La Provincia di Latina riattiva il percorso per l'individuazione di una discarica, avviando il processo di Valutazione strategica ambientale (Vas) per i tre siti indicati dal commissario per l'emergenza rifiuti: ex Goodyear e cava Scavilana a Cisterna e la cava di Aprilia in zona Pontoni.

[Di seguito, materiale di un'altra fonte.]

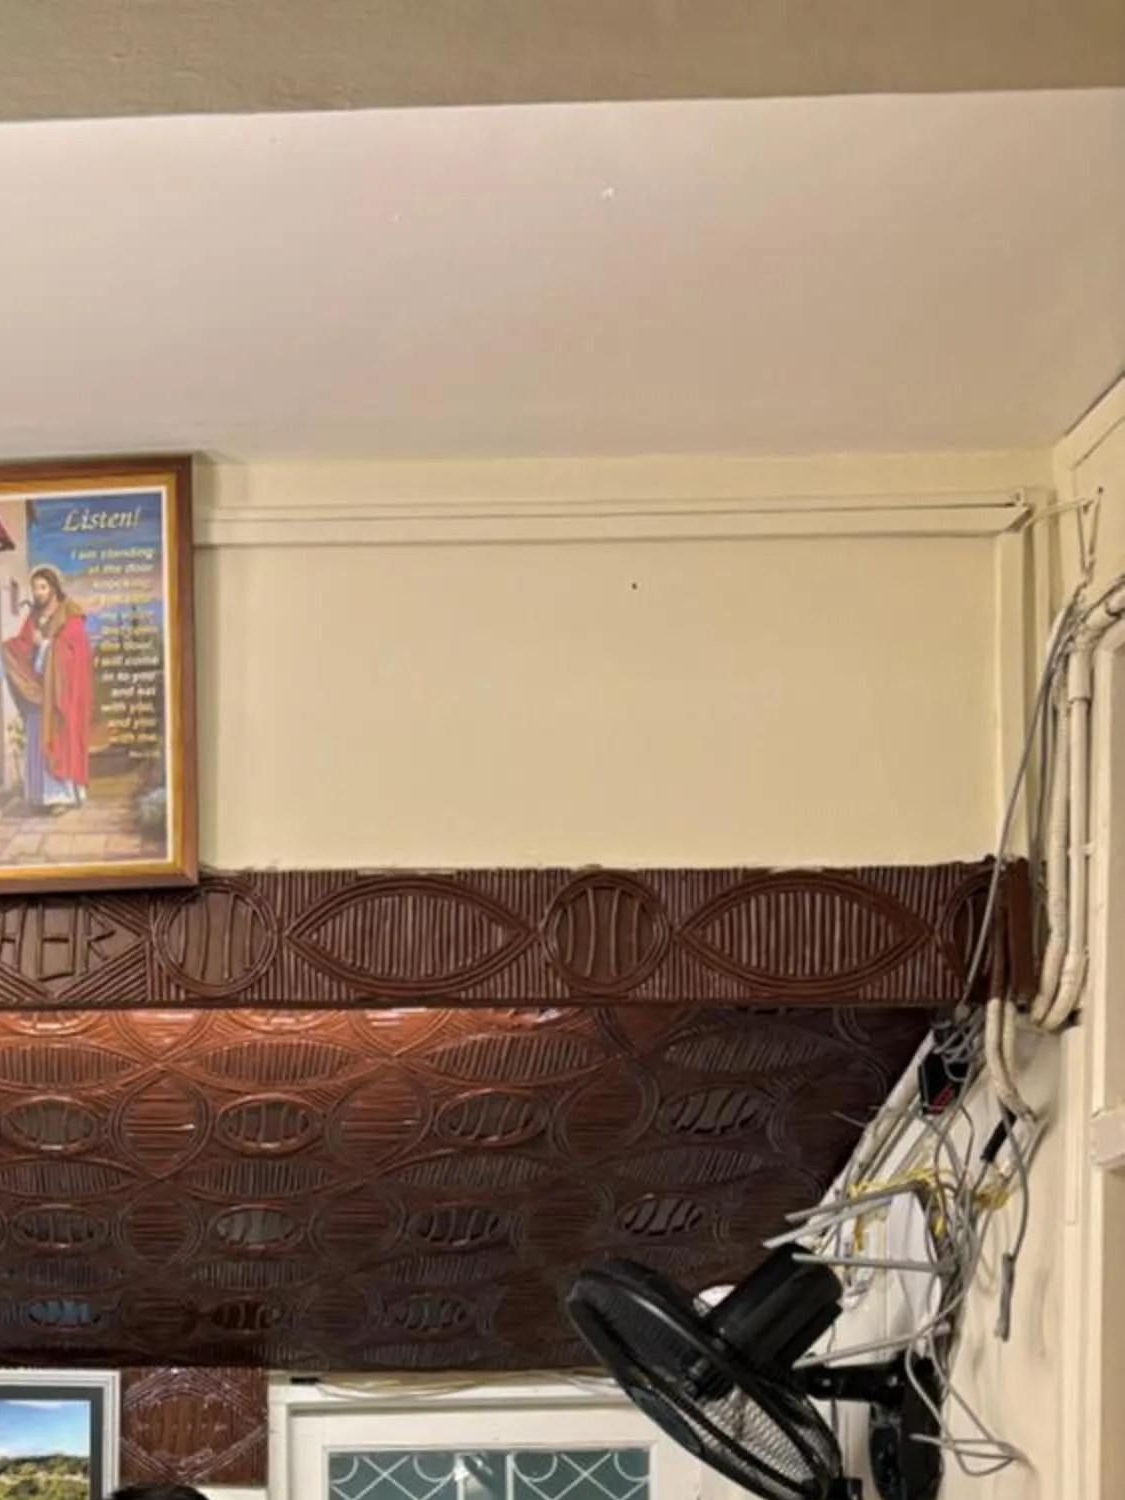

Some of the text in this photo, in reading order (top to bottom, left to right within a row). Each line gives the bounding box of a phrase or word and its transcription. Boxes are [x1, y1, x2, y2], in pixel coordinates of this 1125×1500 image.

E' questo in sintesi quanto contenuto nel decreto n. 78 del 21 novembre del presidente Gerardo Stefanelli, con il quale si è provveduto "all'aggiornamento del piano provinciale dei rifiuti" approvato con delibera di Consiglio dell'11 aprile 2018, sulla base delle indicazioni fornite dall'atto commissariale del 16 giugno, che individuano appunto queste tre aree come quelle maggiormente idonee nel territorio pontino per ospitare un impianto di smaltimento dei rifiuti. Con il decreto del 21 novembre si dà dunque mandato ai dirigenti dei settori Ecologia e Tutela del Territorio e Pianificazione Territoriale, ognuno per quanto di competenza, di eseguire gli atti necessari per attivare l'iter ed arrivare a una decisione definitiva. Una scelta che sembra ormai necessaria, visto che è la stessa Provincia a ricordare che nell'Ato di Latina al momento "non ci sono impianti di discarica attivi" e che meno di un mese fa la Regione Lazio ha comunicato l'emergenza rifiuti per il territorio pontino, a seguito dell'imminente esaurimento dei volumi disponibili nella discarica di Viterbo per i gestori degli impianti di trattamento dei rifiuti urbani dell'Ato di Latina (Rida Ambiente, Refecta e Csa). Dunque chi si aspettava che l'Ente di via Costa sposasse la linea dura dei Comuni di Aprilia e Cisterna contro l'atto del commissario (già impugnato al Tar) è rimasto deluso. «I Comuni di Aprilia e Cisterna di Latina hanno presentato ricorso ma la Provincia di Latina non può impugnare l'atto del commissario ad acta, che di fatto sostituisce le scelte dell'Ente.